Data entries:
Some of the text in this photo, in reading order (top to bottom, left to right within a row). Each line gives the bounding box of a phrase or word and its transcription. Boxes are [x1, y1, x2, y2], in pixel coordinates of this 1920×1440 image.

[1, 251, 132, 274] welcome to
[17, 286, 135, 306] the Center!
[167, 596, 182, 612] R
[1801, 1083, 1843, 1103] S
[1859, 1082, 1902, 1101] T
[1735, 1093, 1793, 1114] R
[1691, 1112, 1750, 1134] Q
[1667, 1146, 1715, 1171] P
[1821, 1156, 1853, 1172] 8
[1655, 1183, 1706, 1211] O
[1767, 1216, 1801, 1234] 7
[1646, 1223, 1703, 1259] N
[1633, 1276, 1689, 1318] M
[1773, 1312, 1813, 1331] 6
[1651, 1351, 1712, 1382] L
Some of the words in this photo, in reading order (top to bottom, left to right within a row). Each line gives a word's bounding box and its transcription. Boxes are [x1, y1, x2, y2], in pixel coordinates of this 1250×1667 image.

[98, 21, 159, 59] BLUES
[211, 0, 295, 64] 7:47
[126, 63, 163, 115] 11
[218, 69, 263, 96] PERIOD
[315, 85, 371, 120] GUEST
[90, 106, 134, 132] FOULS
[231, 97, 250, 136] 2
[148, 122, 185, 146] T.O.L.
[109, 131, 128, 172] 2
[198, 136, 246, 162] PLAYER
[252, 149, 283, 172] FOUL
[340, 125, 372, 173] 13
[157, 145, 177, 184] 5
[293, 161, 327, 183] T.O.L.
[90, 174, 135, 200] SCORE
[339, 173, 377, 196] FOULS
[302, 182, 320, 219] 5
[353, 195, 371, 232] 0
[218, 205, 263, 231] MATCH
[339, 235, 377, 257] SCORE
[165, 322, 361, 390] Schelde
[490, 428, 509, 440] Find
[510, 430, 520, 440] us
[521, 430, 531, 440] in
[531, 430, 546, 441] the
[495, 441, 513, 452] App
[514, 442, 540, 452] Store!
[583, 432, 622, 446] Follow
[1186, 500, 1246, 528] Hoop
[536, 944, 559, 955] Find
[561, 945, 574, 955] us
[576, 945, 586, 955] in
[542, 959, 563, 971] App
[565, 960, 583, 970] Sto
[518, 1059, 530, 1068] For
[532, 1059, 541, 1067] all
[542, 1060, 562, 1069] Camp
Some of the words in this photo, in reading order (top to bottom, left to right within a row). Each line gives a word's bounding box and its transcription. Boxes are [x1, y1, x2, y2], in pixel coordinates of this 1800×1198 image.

# [TASK REQUIREMENTS]
All of the entries above must be transcribed exactly.

# [EXERCISE ANSWER]
Some of the text in this photo, in reading order (top to bottom, left to right within a row). Each line gives the bounding box of a phrase or word and its transcription. Boxes are [x1, y1, x2, y2], in pixel coordinates of this 1920×1440 image.

[1, 251, 132, 274] welcome to
[17, 286, 135, 306] the Center!
[167, 596, 182, 612] R
[1801, 1083, 1843, 1103] S
[1859, 1082, 1902, 1101] T
[1735, 1093, 1793, 1114] R
[1691, 1112, 1750, 1134] Q
[1667, 1146, 1715, 1171] P
[1821, 1156, 1853, 1172] 8
[1655, 1183, 1706, 1211] O
[1767, 1216, 1801, 1234] 7
[1646, 1223, 1703, 1259] N
[1633, 1276, 1689, 1318] M
[1773, 1312, 1813, 1331] 6
[1651, 1351, 1712, 1382] L
Some of the words in this photo, in reading order (top to bottom, left to right within a row). Each line gives a word's bounding box and its transcription. Boxes are [x1, y1, x2, y2], in pixel coordinates of this 1250×1667 image.

[98, 21, 159, 59] BLUES
[211, 0, 295, 64] 7:47
[126, 63, 163, 115] 11
[218, 69, 263, 96] PERIOD
[315, 85, 371, 120] GUEST
[90, 106, 134, 132] FOULS
[231, 97, 250, 136] 2
[148, 122, 185, 146] T.O.L.
[109, 131, 128, 172] 2
[198, 136, 246, 162] PLAYER
[252, 149, 283, 172] FOUL
[340, 125, 372, 173] 13
[157, 145, 177, 184] 5
[293, 161, 327, 183] T.O.L.
[90, 174, 135, 200] SCORE
[339, 173, 377, 196] FOULS
[302, 182, 320, 219] 5
[353, 195, 371, 232] 0
[218, 205, 263, 231] MATCH
[339, 235, 377, 257] SCORE
[165, 322, 361, 390] Schelde
[490, 428, 509, 440] Find
[510, 430, 520, 440] us
[521, 430, 531, 440] in
[531, 430, 546, 441] the
[495, 441, 513, 452] App
[514, 442, 540, 452] Store!
[583, 432, 622, 446] Follow
[1186, 500, 1246, 528] Hoop
[536, 944, 559, 955] Find
[561, 945, 574, 955] us
[576, 945, 586, 955] in
[542, 959, 563, 971] App
[565, 960, 583, 970] Sto
[518, 1059, 530, 1068] For
[532, 1059, 541, 1067] all
[542, 1060, 562, 1069] Camp
Some of the words in this photo, in reading order (top to bottom, left to right within a row). Each line gives a word's bounding box and its transcription. Boxes are [x1, y1, x2, y2], in pixel coordinates of this 1800×1198 image.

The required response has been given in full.